II EL SERVICIO ESPECÍFICO DEL MINISTERIO ORDENADO A FAVOR DEL PUEBLO DE DIOS.
Toda la acción de la Iglesia, en cuanto Cuerpo de Cristo y Nuevo Pueblo de Dios es de servicio a la humanidad y alcanza hacer presente el servicio del mismo Jesús a todos los hombres de todos los tiempos. Se trata pues de la misión prioritaria de la Iglesia de la evangelización como bien señala el Papa Pablo Vi en su Exhortación Apostólica Evangelii Nuntiandi: “Evangelizar significa para la Iglesia llevar la Buena Nueva a todos los ambientes de la humanidad y, con su influjo, transformar desde dentro, renovar a la misma humanidad: "He aquí que hago nuevas todas las cosas” .
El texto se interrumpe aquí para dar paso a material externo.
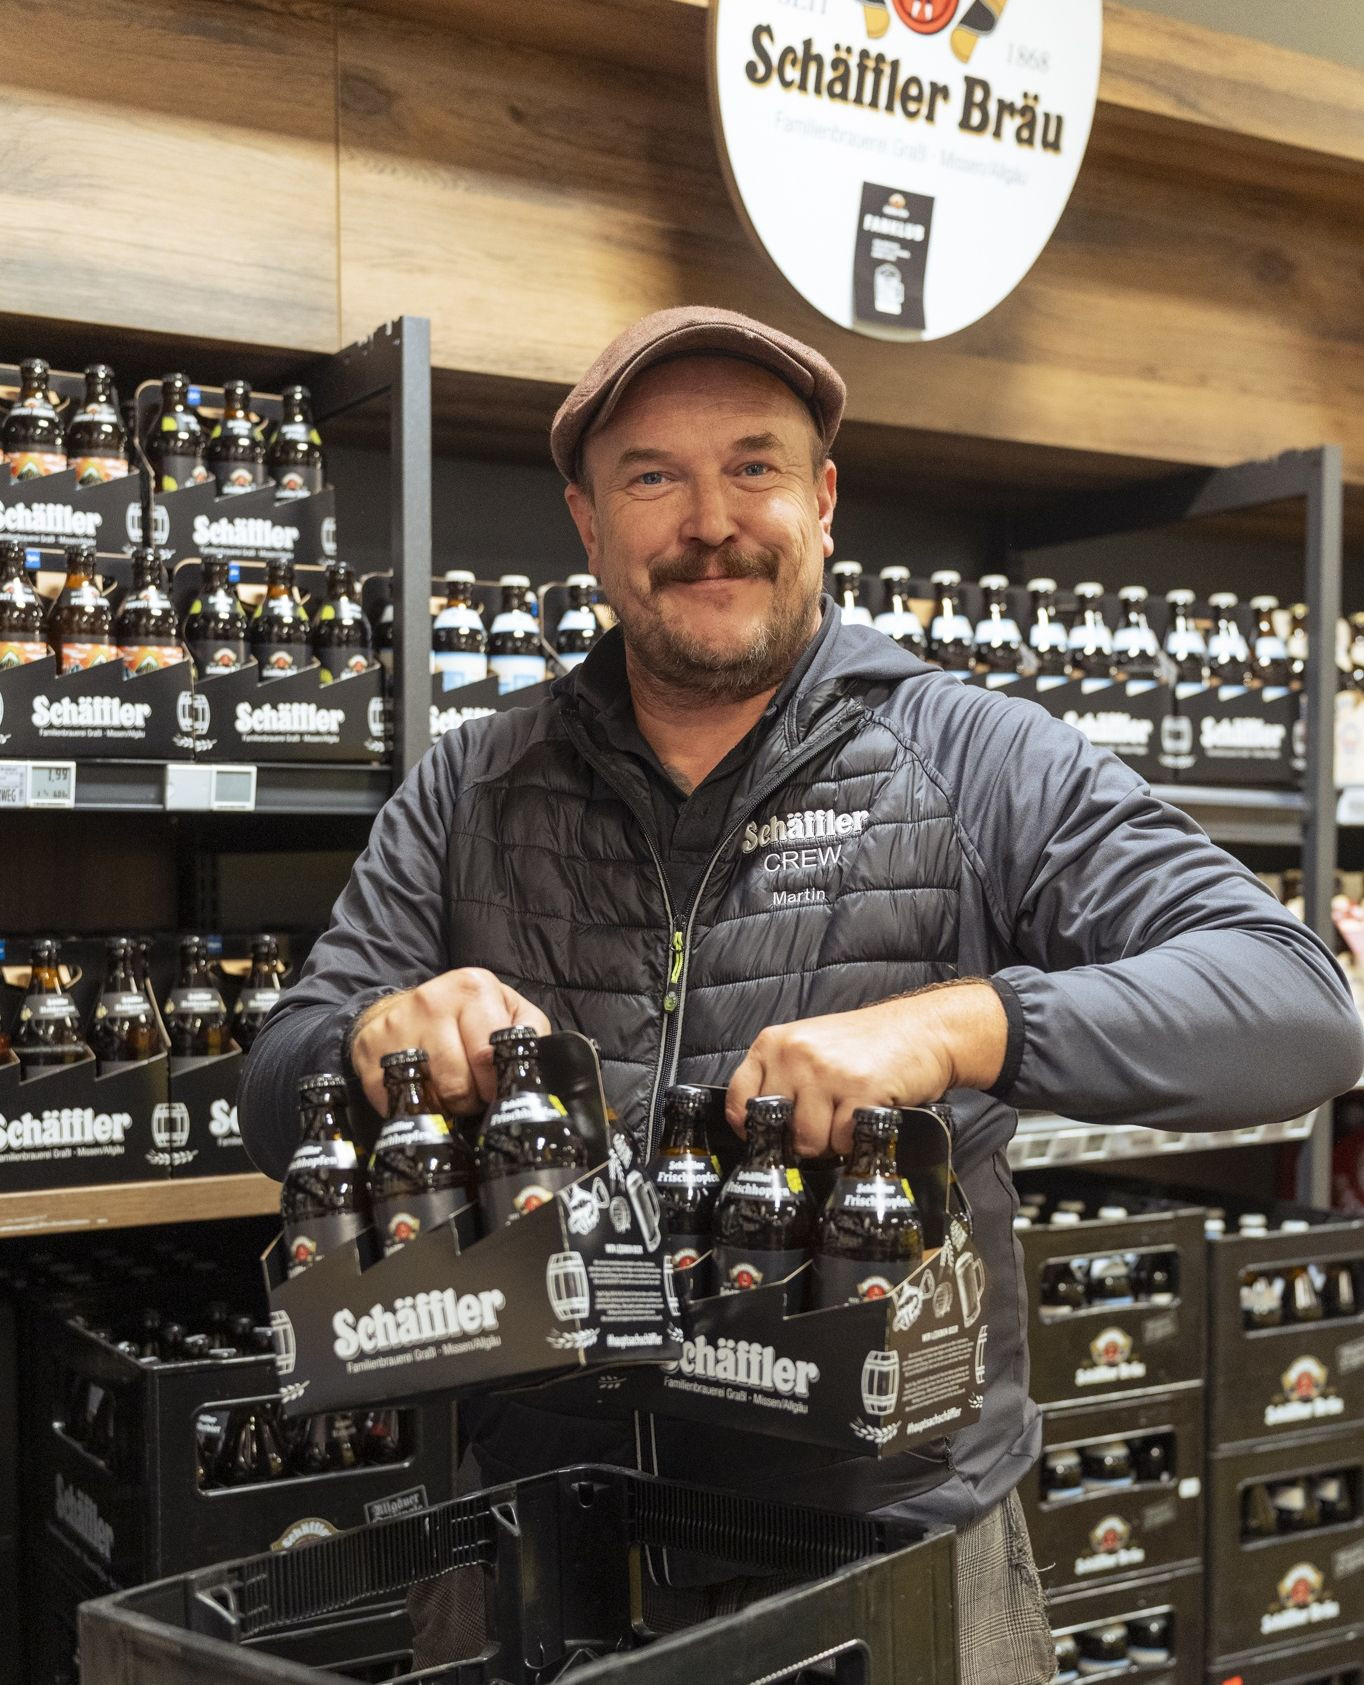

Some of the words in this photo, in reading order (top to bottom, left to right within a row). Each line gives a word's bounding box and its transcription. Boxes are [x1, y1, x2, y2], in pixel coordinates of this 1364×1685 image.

[1007, 42, 1050, 75] 1868
[745, 23, 950, 126] Schäffler
[958, 75, 1065, 154] Bräu
[32, 694, 152, 728] Schäffler
[235, 701, 345, 734] Schäffler
[742, 809, 870, 854] Schäffler
[764, 845, 842, 872] CREW
[773, 888, 825, 905] Martin
[332, 1287, 506, 1360] Schäffler
[661, 1335, 820, 1398] chäffler
El Vaticano II señala que fue precisamente para que todos los hermanos alcancen la salvación que Jesucristo instituyó el sacramento del orden (Lumen Gentium 18). El anuncio del evangelio es una necesidad apremiante de la Iglesia no solamente porque de eso depende el éxito o fracaso de su misión, sino la misma suerte de la humanidad: “Pero, ¿cómo lo invocarán si no han creído en él? ¿Cómo oirán si nadie les anuncia? ¿Cómo anunciarán si no los envían?... La fe nace de la predicación, y lo que se proclama es el mensaje de Cristo” (Rom 10, 14-15). A los consagrados o separados específicamente para representar a Jesucristo Cabeza de la Iglesia les corresponde un deber más apremiante en la evangelización. También el Catecismo de la Iglesia Católica afirma: “ Este sacerdocio es ministerial, esta Función, que el Señor confió a los pastores de su pueblo, es un verdadero servicio" (LG 24). Está enteramente referido Cristo y a los hombres. Depende totalmente de Cristo y de su sacerdocio único, y fue instituido en favor de los hombres y de la comunidad de la Iglesia. El sacramento del Orden comunica "un poder sagrado", que no es otro que el de Cristo. El ejercicio de esta autoridad debe, por tanto, medirse según el modelo de Cristo, que por amor se hizo el último y el servidor de todos (cf. Mc 10,43-45; 1 P 5,3). "El Señor dijo claramente que la atención prestada a su rebaño era prueba de amor a él" (S. Juan Crisóstomo, sac. 2,4; cf. Jn 21,15-17). (CIC 1551).
¿Concretamente cómo se ha de realizar este ministerio o servicio en el caso de nosotros presbíteros y en especial los que son párrocos? Según el Código de Derecho Canónico: la parroquia “una determinada comunidad de fieles constituida de modo estable en la Iglesia particular, cuya cura pastoral, bajo la autoridad del Obispo diocesano, se encomienda a un párroco, como su pastor propio” (515). “ El párroco es el pastor propio de la parroquia que se le confía, y ejerce la cura pastoral de la comunidad que le está encomendada bajo la autoridad del Obispo diocesano en cuyo ministerio de Cristo ha sido llamado a participar, para que en esa misma comunidad cumpla las funciones de enseñar, santificar y regir, con la cooperación también de otros presbíteros o diáconos, y con la ayuda de fieles laicos, conforme a la norma del derecho”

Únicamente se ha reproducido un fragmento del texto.